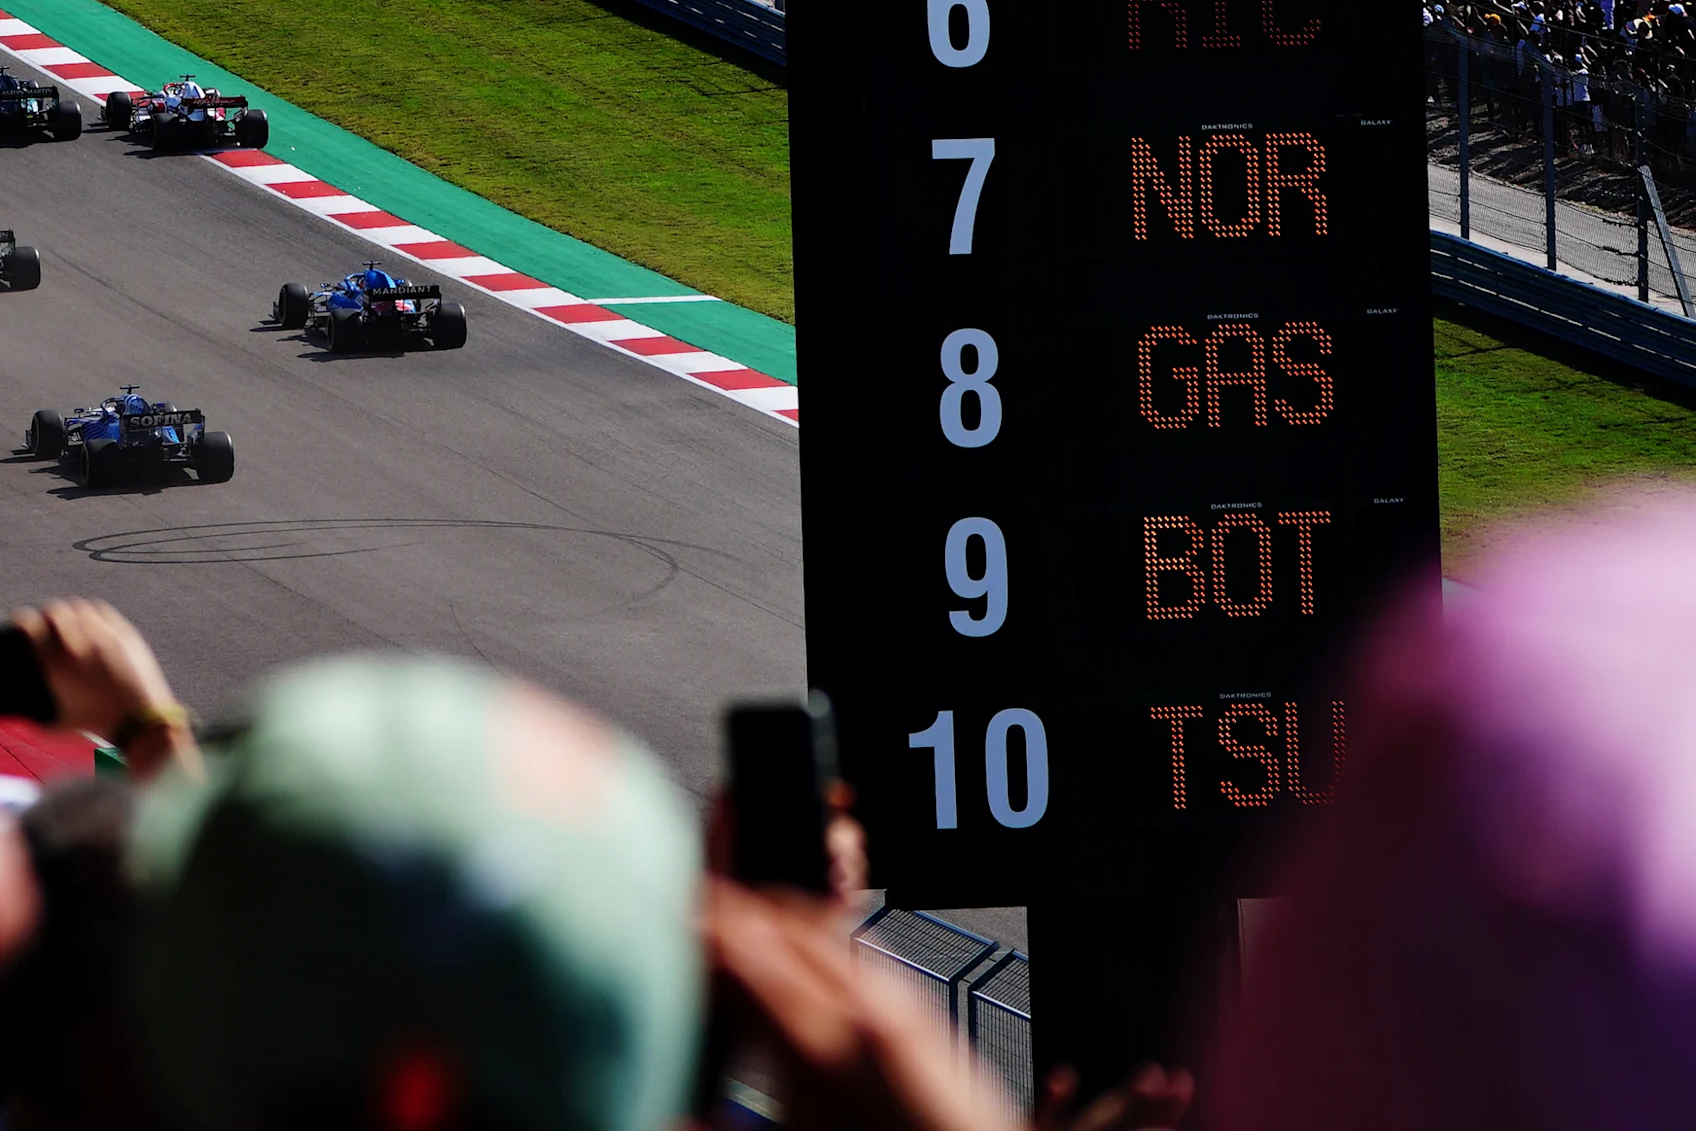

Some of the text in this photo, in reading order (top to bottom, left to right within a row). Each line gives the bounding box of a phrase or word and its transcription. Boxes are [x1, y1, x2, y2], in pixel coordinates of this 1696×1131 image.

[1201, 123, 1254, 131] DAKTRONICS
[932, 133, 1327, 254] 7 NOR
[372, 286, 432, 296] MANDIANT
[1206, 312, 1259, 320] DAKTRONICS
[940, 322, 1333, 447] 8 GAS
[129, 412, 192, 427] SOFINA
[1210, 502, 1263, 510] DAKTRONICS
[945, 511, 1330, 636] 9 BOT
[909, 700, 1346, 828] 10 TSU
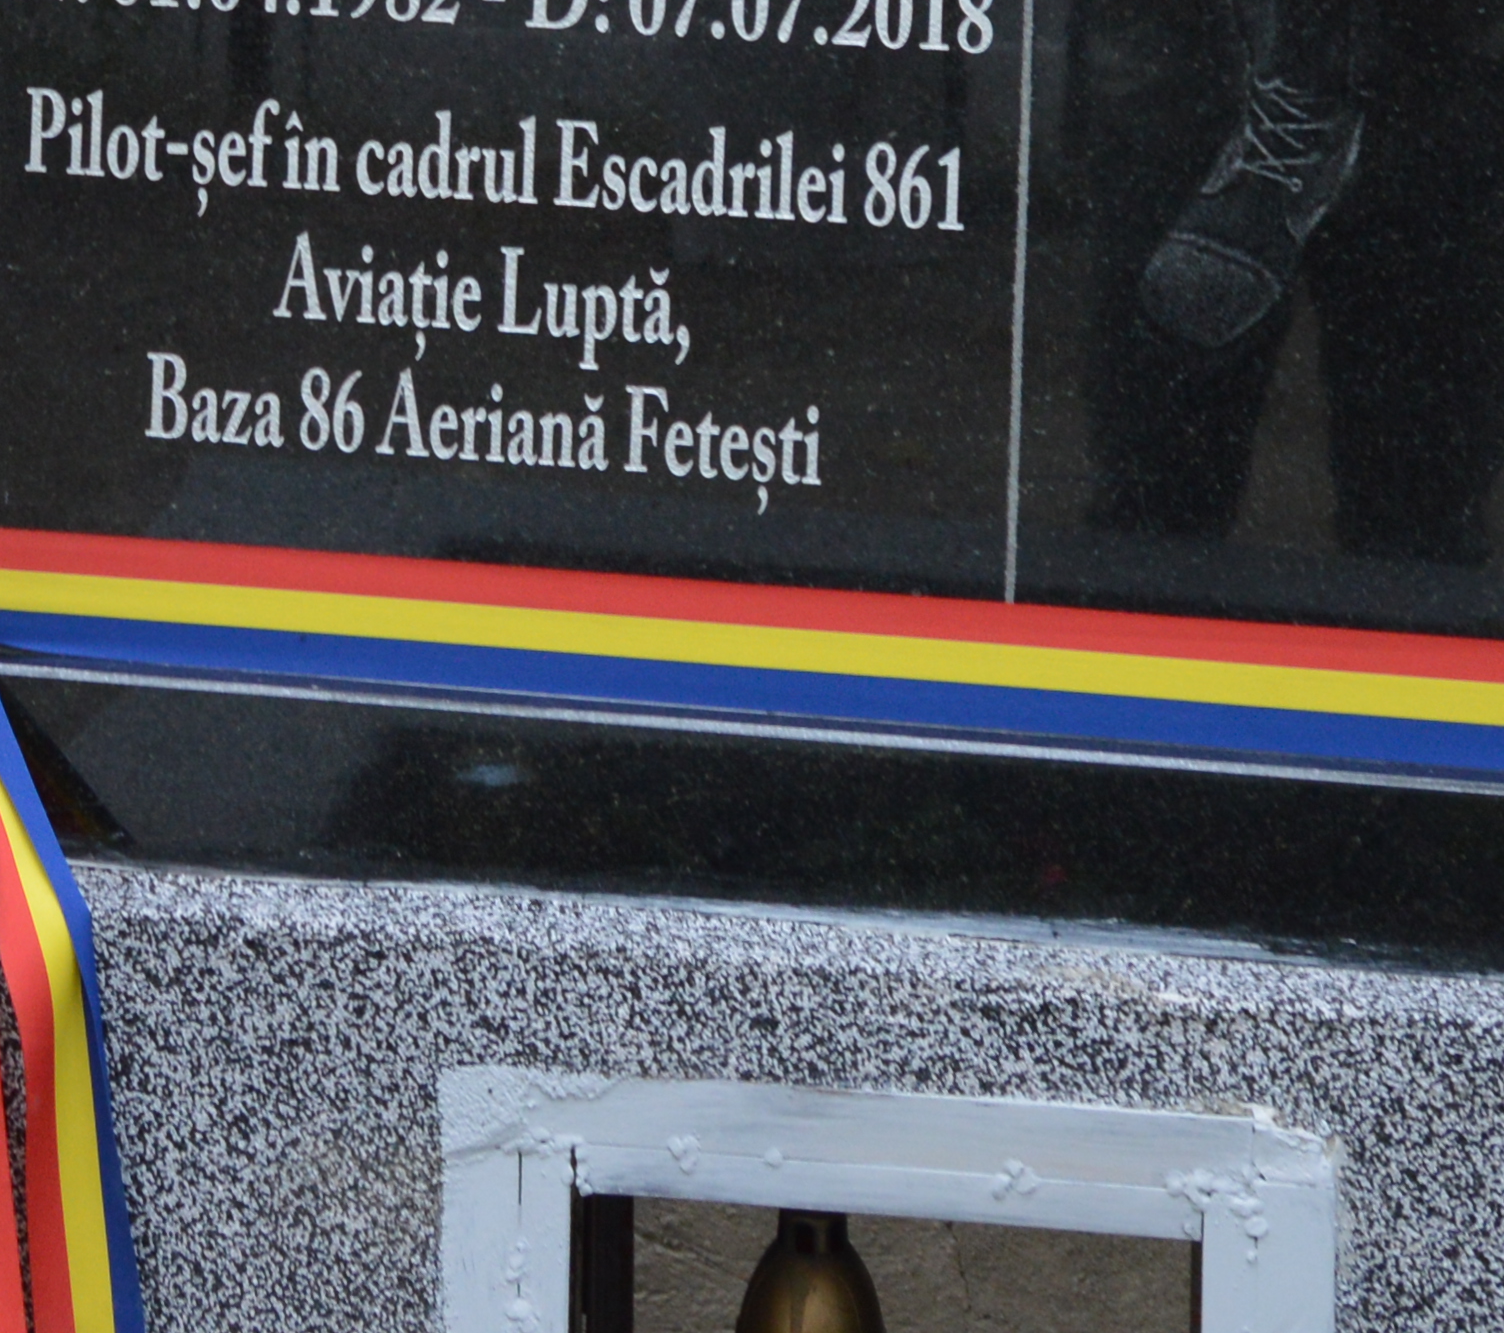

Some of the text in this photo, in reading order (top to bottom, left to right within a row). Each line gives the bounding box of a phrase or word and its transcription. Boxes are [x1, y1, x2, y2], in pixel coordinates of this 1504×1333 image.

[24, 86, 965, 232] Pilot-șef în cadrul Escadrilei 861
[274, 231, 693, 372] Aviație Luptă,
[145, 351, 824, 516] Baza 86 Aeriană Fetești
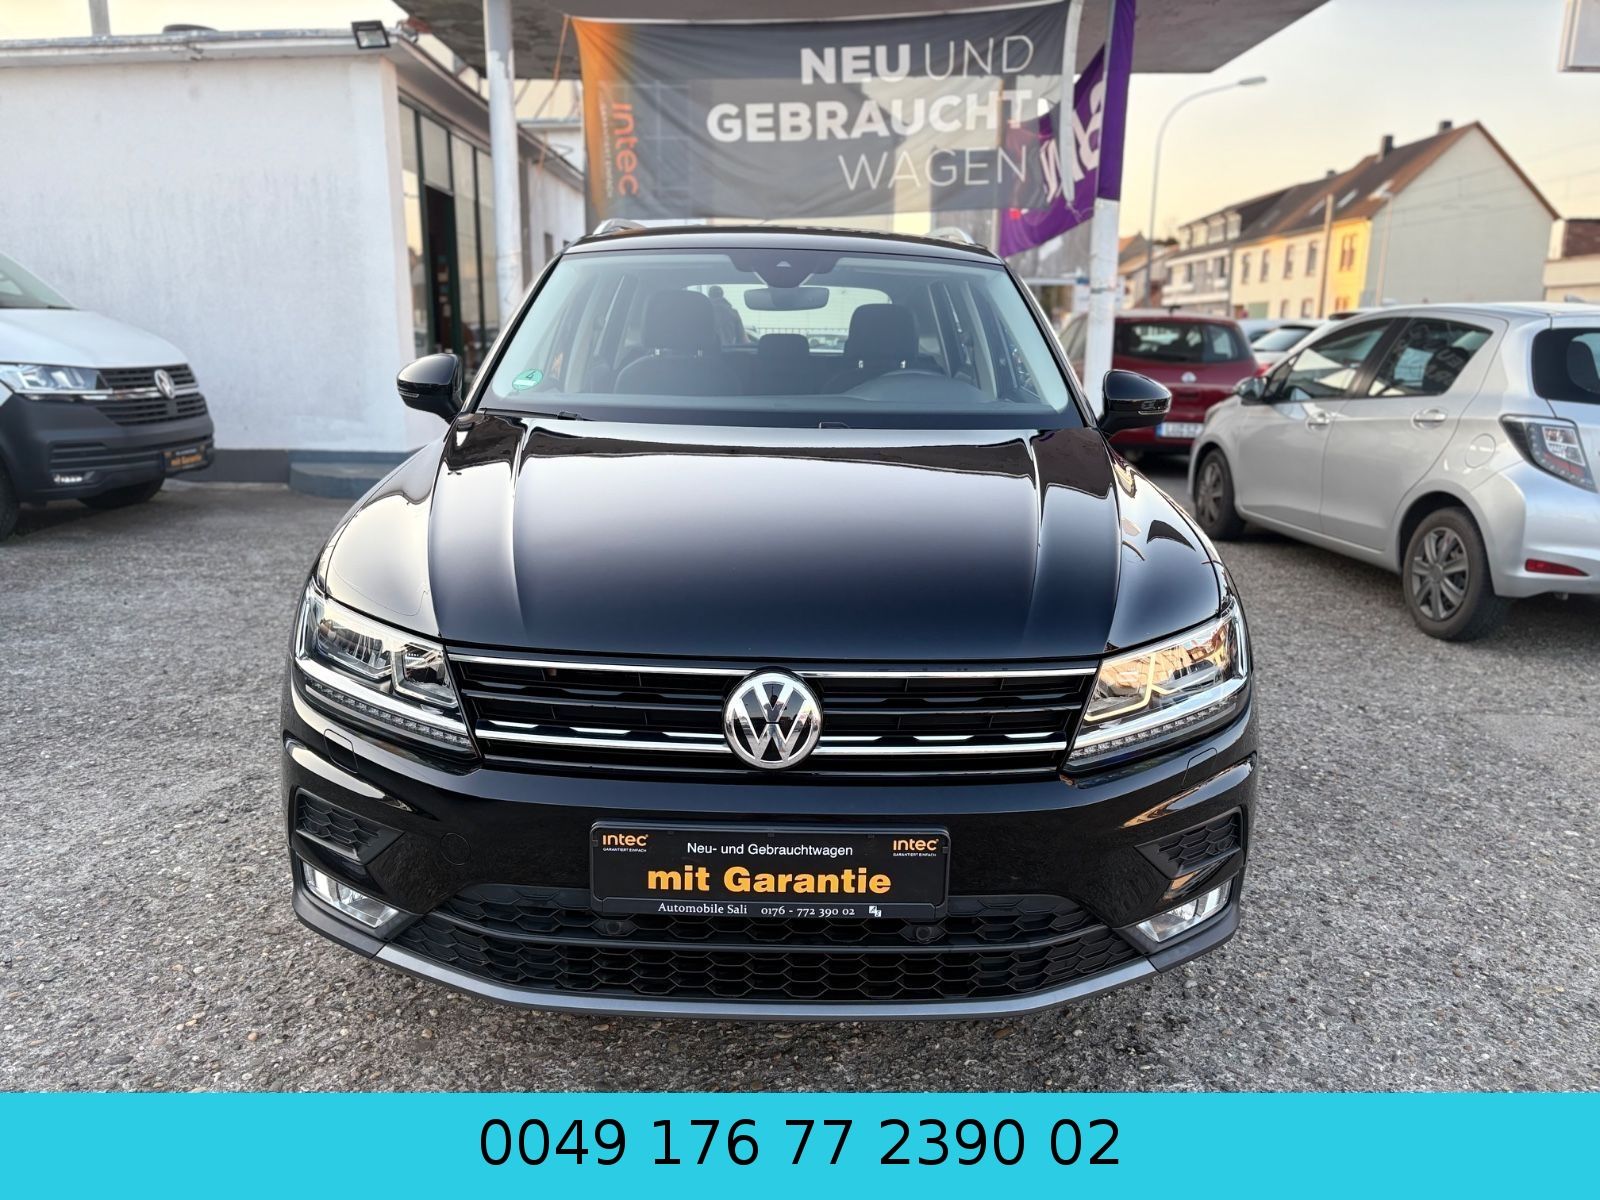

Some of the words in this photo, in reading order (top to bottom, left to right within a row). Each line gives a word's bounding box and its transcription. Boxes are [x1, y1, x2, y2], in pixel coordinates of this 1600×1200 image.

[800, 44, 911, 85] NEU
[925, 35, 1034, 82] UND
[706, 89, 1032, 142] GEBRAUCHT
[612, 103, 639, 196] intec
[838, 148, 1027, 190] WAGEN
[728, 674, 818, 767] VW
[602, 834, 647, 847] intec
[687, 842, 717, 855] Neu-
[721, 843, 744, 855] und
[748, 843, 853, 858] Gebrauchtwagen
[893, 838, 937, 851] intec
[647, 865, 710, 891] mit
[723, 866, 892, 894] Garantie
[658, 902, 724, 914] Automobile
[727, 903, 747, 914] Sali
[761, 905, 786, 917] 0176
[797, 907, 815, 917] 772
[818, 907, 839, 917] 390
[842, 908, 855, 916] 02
=-=-=
== PROBLEM DETAILS ==
What is needed is an exact reprint of every entry, pictures excluded.

== EXERCISE OUTPUT ==
Some of the text in this photo, in reading order (top to bottom, left to right within a row). Each line gives the bounding box of a phrase or word and its transcription. Boxes are [x1, y1, x2, y2], in pixel coordinates of this 1696×1131 image.

[1201, 123, 1254, 131] DAKTRONICS
[932, 133, 1327, 254] 7 NOR
[372, 286, 432, 296] MANDIANT
[1206, 312, 1259, 320] DAKTRONICS
[940, 322, 1333, 447] 8 GAS
[129, 412, 192, 427] SOFINA
[1210, 502, 1263, 510] DAKTRONICS
[945, 511, 1330, 636] 9 BOT
[909, 700, 1346, 828] 10 TSU

Some of the text in this photo, in reading order (top to bottom, left to right within a row). Each line gives the bounding box of a phrase or word and its transcription. Boxes are [x1, y1, x2, y2], in pixel coordinates of this 1504×1333 image.

[24, 86, 965, 232] Pilot-șef în cadrul Escadrilei 861
[274, 231, 693, 372] Aviație Luptă,
[145, 351, 824, 516] Baza 86 Aeriană Fetești

Some of the words in this photo, in reading order (top to bottom, left to right within a row). Each line gives a word's bounding box and its transcription. Boxes are [x1, y1, x2, y2], in pixel coordinates of this 1600×1200 image.

[800, 44, 911, 85] NEU
[925, 35, 1034, 82] UND
[706, 89, 1032, 142] GEBRAUCHT
[612, 103, 639, 196] intec
[838, 148, 1027, 190] WAGEN
[728, 674, 818, 767] VW
[602, 834, 647, 847] intec
[687, 842, 717, 855] Neu-
[721, 843, 744, 855] und
[748, 843, 853, 858] Gebrauchtwagen
[893, 838, 937, 851] intec
[647, 865, 710, 891] mit
[723, 866, 892, 894] Garantie
[658, 902, 724, 914] Automobile
[727, 903, 747, 914] Sali
[761, 905, 786, 917] 0176
[797, 907, 815, 917] 772
[818, 907, 839, 917] 390
[842, 908, 855, 916] 02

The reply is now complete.